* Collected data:
———
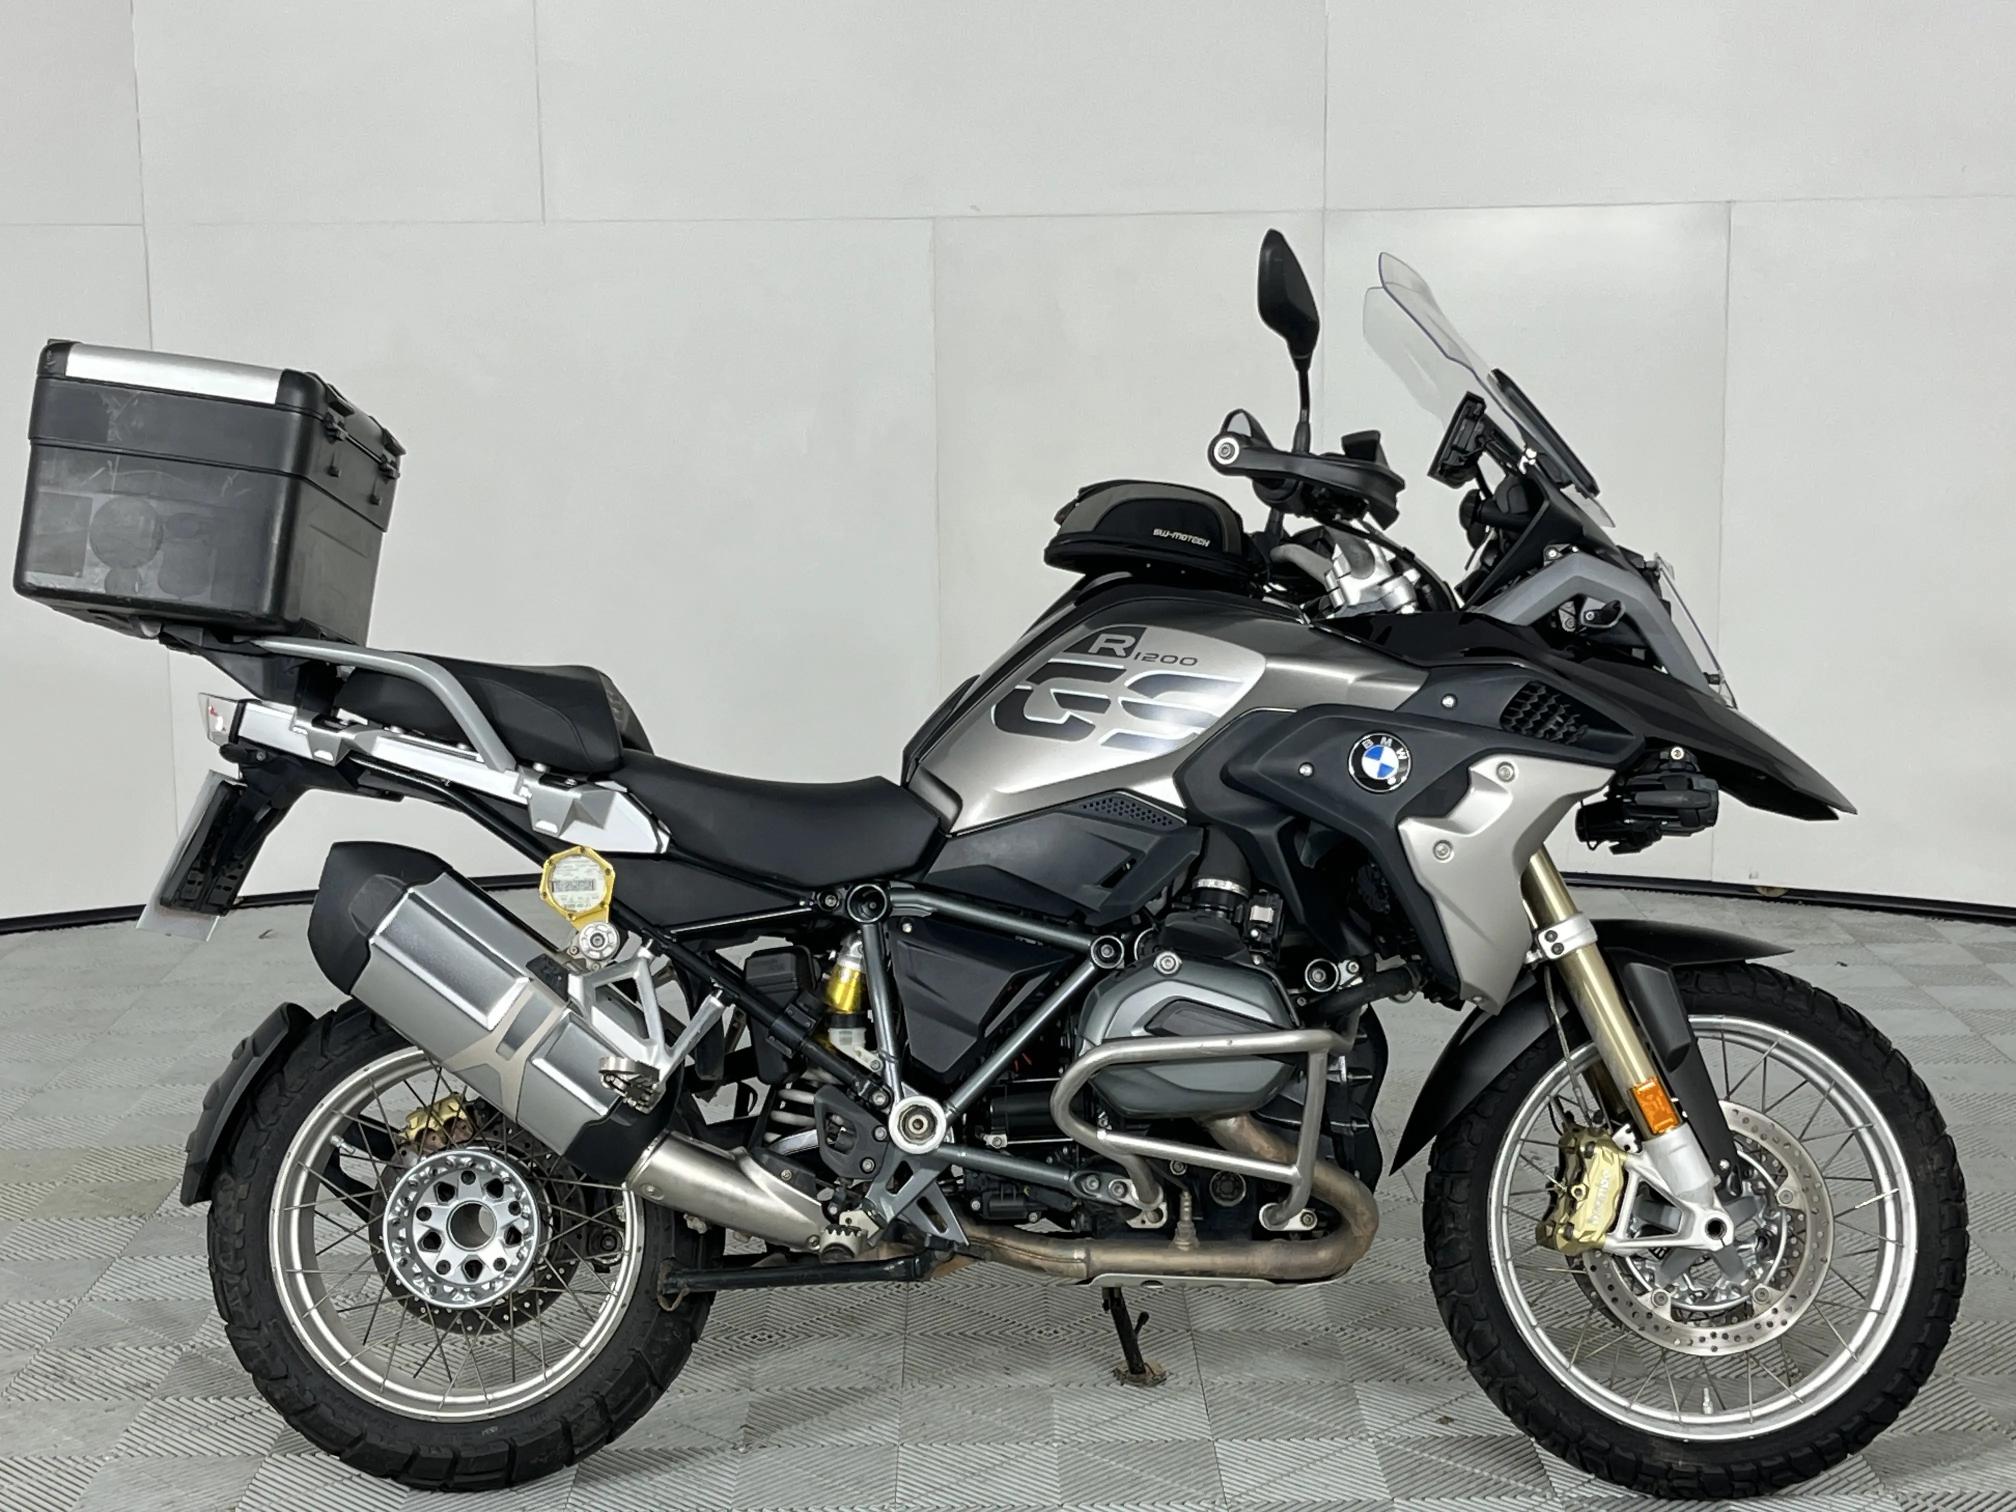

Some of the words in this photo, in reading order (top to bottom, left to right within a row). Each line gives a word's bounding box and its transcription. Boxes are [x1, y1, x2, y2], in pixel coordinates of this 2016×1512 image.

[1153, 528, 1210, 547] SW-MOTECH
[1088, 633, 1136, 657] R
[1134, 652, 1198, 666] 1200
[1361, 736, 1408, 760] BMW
———
* EXERCISE DESCRIPTION: Reproduce the entries above exactly. Do not include the images.

* SOLVED PROBLEM:
Some of the words in this photo, in reading order (top to bottom, left to right within a row). Each line gives a word's bounding box and its transcription. Boxes are [x1, y1, x2, y2], in pixel coordinates of this 2016×1512 image.

[1153, 528, 1210, 547] SW-MOTECH
[1088, 633, 1136, 657] R
[1134, 652, 1198, 666] 1200
[1361, 736, 1408, 760] BMW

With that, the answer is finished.